Differences between Limited Companies and Public Limited Companies
Limited companies and public limited companies are the most common ways to set up a company.
The Limited Company (SL) or Limited Liability Company (SRL) is a trading company with legal entity status and its capital is divided into equal, cumulative and indivisible shares. Its partners are not personally liable for the debts incurred by the company, being liable only to the extent of the capital contributed.
The Public Limited Company (SA), on the other hand, is also a trading company with legal entity status, and its capital is divided into shares. However, these shares can have different nominal values and have different privileges linked to them, and can be freely transferred. In addition, the shareholders are not held liable with their personal assets for the company's debts, only up to the amount of capital they have contributed.
In both cases the number of partners required to create the company can be one or more.
Now that the definition for both companies is known, let us look at the differences between the Limited Company and the Public Limited Company:
Both companies require an initial capital contribution in order to be formed which, in the case of the Limited Company is only 3,000 euros, and in the case of the Public Limited Company is 60,000 euros. In the SL the initial capital can be fully subscribed and paid up at the time of its establishment, and this can be in cash, assets or rights, whereas in the SA only 25% of the capital needs to be subscribed and paid up.

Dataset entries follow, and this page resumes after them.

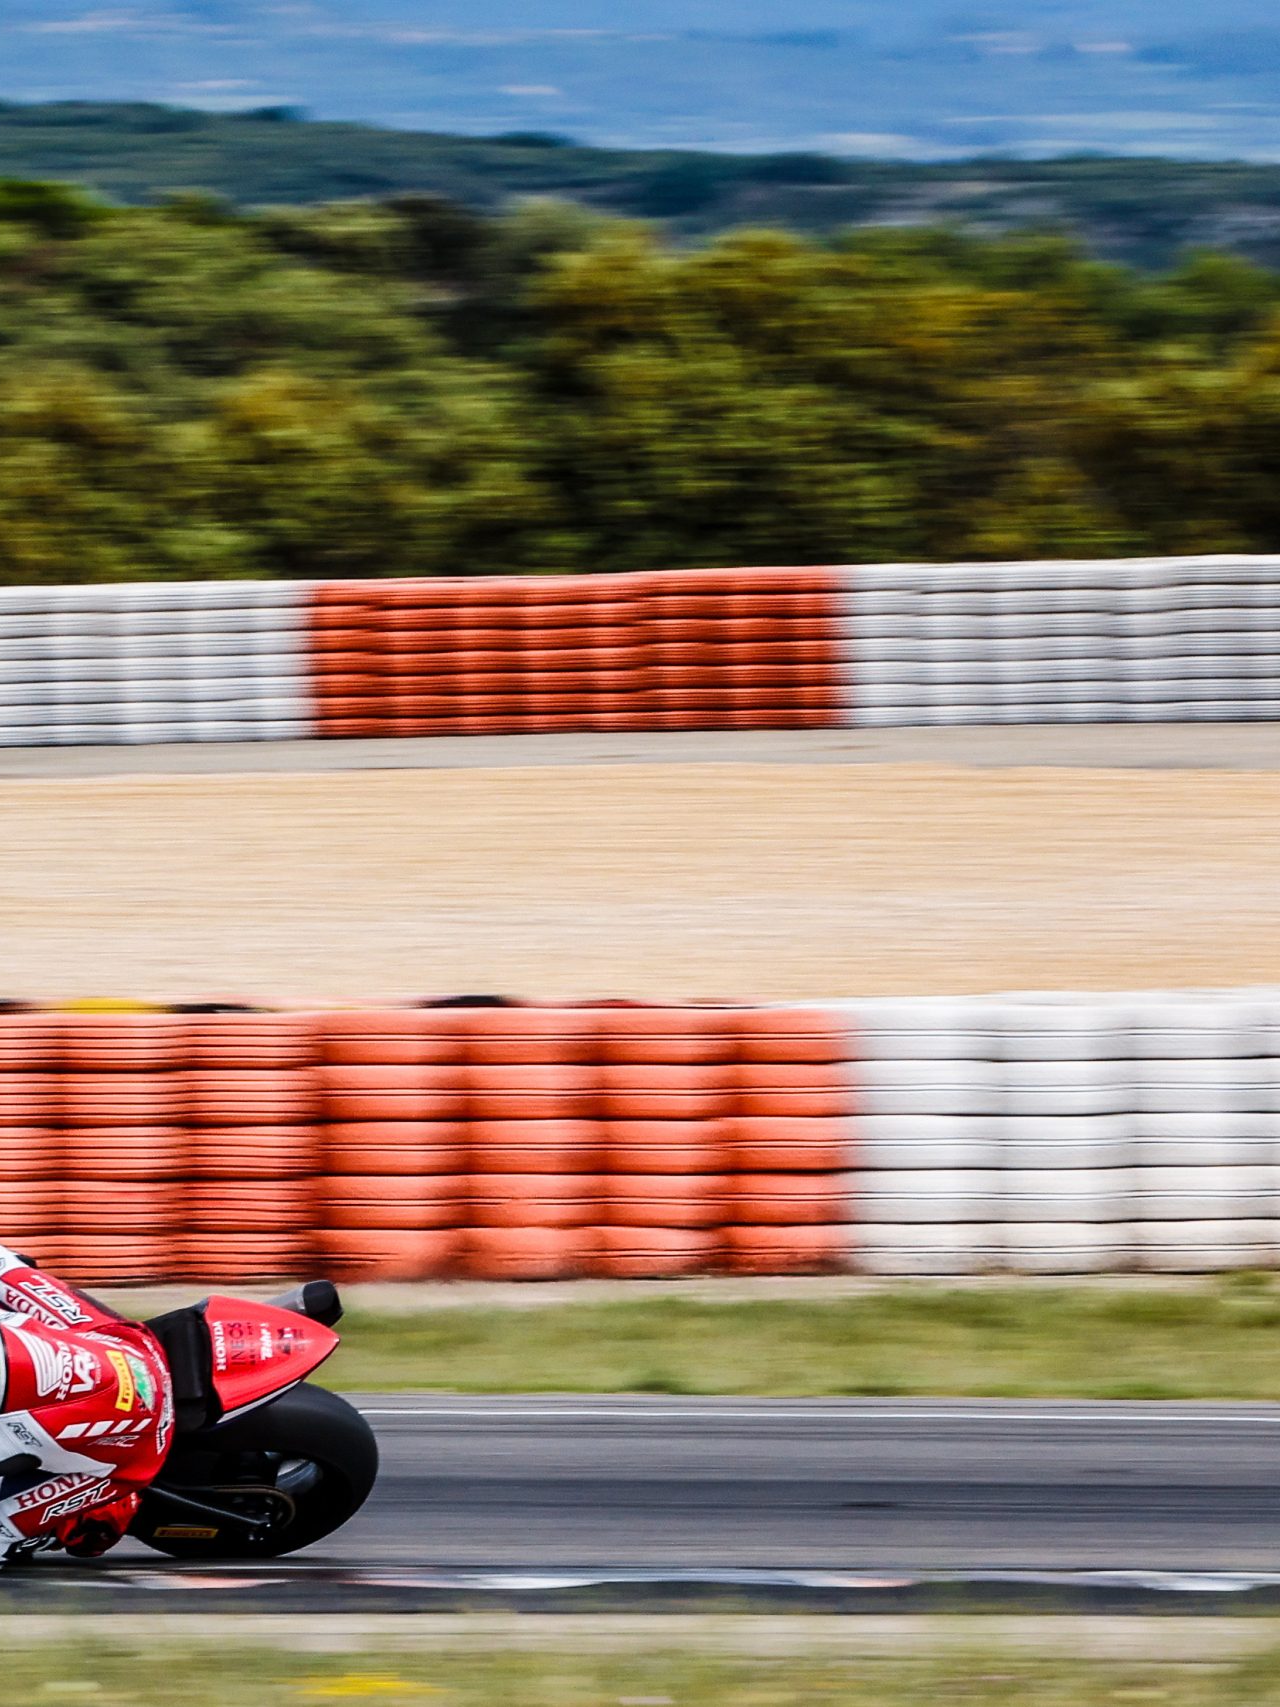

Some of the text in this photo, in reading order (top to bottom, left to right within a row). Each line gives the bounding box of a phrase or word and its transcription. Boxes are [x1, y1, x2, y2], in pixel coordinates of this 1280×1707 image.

[5, 1287, 65, 1328] ONDA
[18, 1275, 93, 1325] RST
[212, 1321, 227, 1371] HONDA
[227, 1322, 246, 1366] INEOS
[53, 1341, 73, 1400] HOND
[15, 1473, 93, 1508] HON
[39, 1479, 117, 1525] RST

The transfer of shares in a Limited Company is restricted and must be carried out in accordance with the company's articles of association or, in addition, in accordance with the law, if the articles of association do not regulate the regime for the transfer of shares. The intention to sell them, the number of shares to be sold and their price must be communicated; the other partners will have a preferential right of acquisition. In addition, this transfer must be made in a public document. On the other hand, the transfer of shares in a Public Limited Company is unrestricted, once the company is registered in the Companies Registry, by means of a trade between the parties (normally a purchase and sale) and the delivery of the securities.
Type of business
An SL can carry out practically any type of business, except those reserved by law for public limited companies, such as banking services, pension fund management, insurance, etc. Companies that wish to be listed on the stock exchange must have SA status. Limited Companies are designed for small and medium-sized companies with few partners, family businesses or professional companies that do not require a large capital outlay, whereas SAs are better suited to activities where a larger number of shareholders are required to achieve a higher level of capital and where there is greater mobility of such capital.